Alors que les raids israéliens s’intensifiaient sur l’enclave palestinienne, l’Égypte tentait une étrange médiation, aussitôt saisie par le gouvernement Netanyahou pour justifier sa répression.

Denis Sieffert  • 17 juillet 2014 abonné·es
Gaza : Fausse trêve égyptienne
© Photo : AFP PHOTO / SAID KHATIB

Àla différence de Benyamin Netanyahou, les dirigeants de la branche armée du Hamas, les Brigades Ezzedine al-Qassam, ne sont pas de fins stratèges sur le terrain diplomatique. Ils ont immédiatement refusé, mardi matin, la trêve proposée par l’Égypte. Peu de temps après, le cabinet de sécurité israélien acceptait évidemment l’offre égyptienne, malgré l’opposition des deux ministres d’extrême droite, Avigdor Lieberman et Naftali Bennett, ce dernier représentant quasi officiel des colons au sein du gouvernement israélien.

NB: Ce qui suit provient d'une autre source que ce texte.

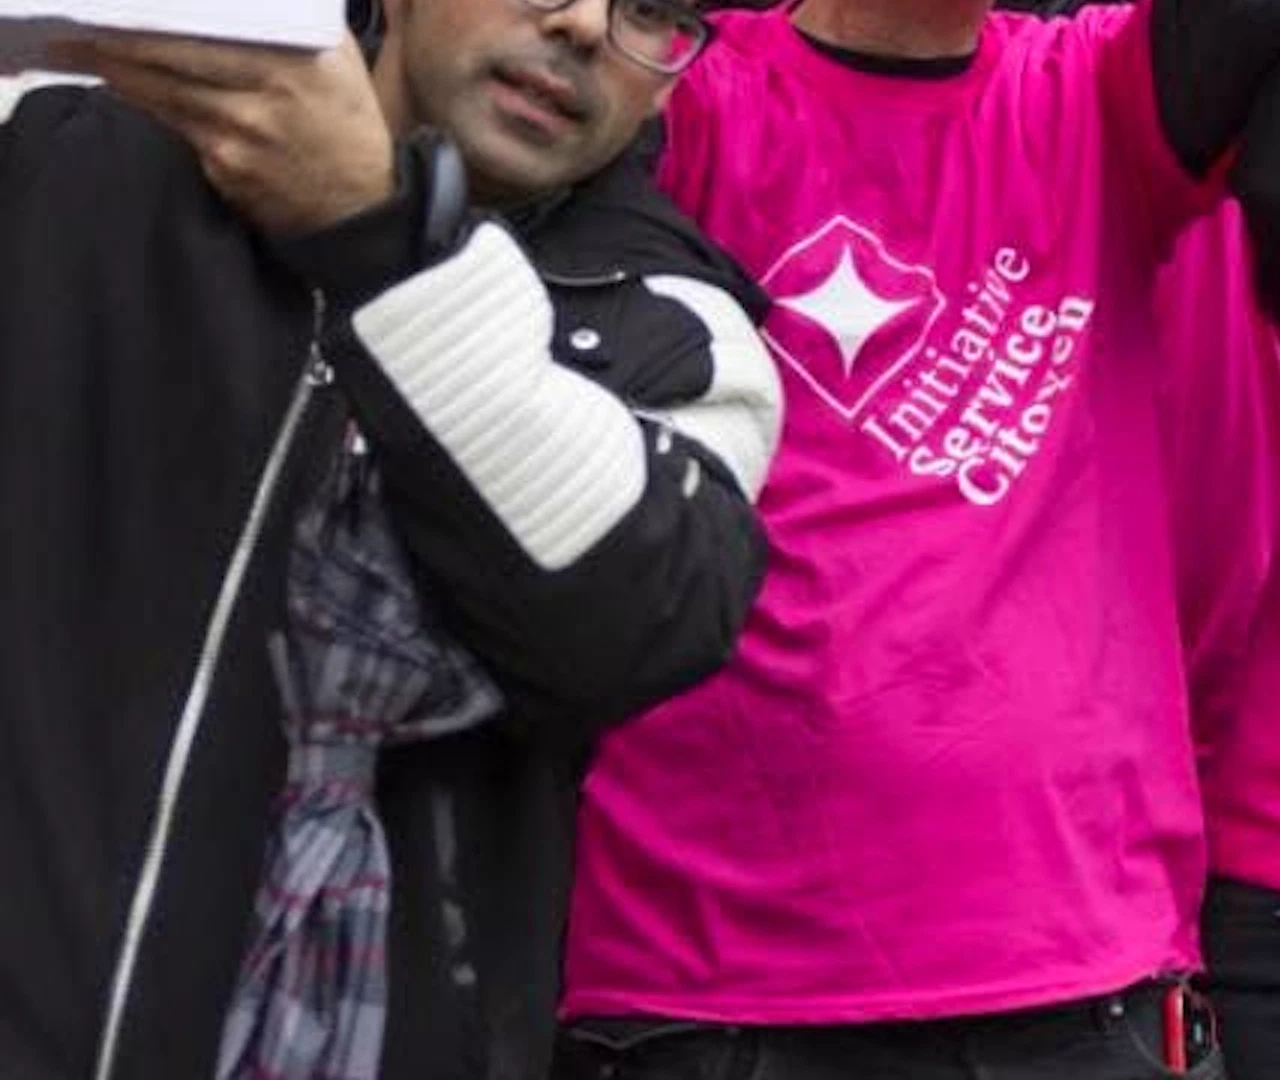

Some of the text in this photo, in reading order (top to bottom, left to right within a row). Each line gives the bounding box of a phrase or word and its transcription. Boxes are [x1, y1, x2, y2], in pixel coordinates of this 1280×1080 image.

La radio publique résumait aussitôt le but de la manœuvre : « En acceptant l’initiative égyptienne, Israël bénéficiera d’une légitimité internationale si le Hamas poursuit ses attaques. » Autrement dit, la répression pourra s’intensifier contre la population de Gaza sans retenue. Et c’est un fait qu’une trêve ne se refuse jamais. Il n’empêche que la position du Hamas répond aussi à une certaine logique. Une logique politique et cynique, bien sûr, qui lui permet de montrer sa fermeté auprès des Gazaouis, alors qu’il est débordé par plus radical que lui, et très contesté dans sa gestion du territoire. Car, comme toujours, les bombes israéliennes renforcent politiquement le Hamas au sein de la population.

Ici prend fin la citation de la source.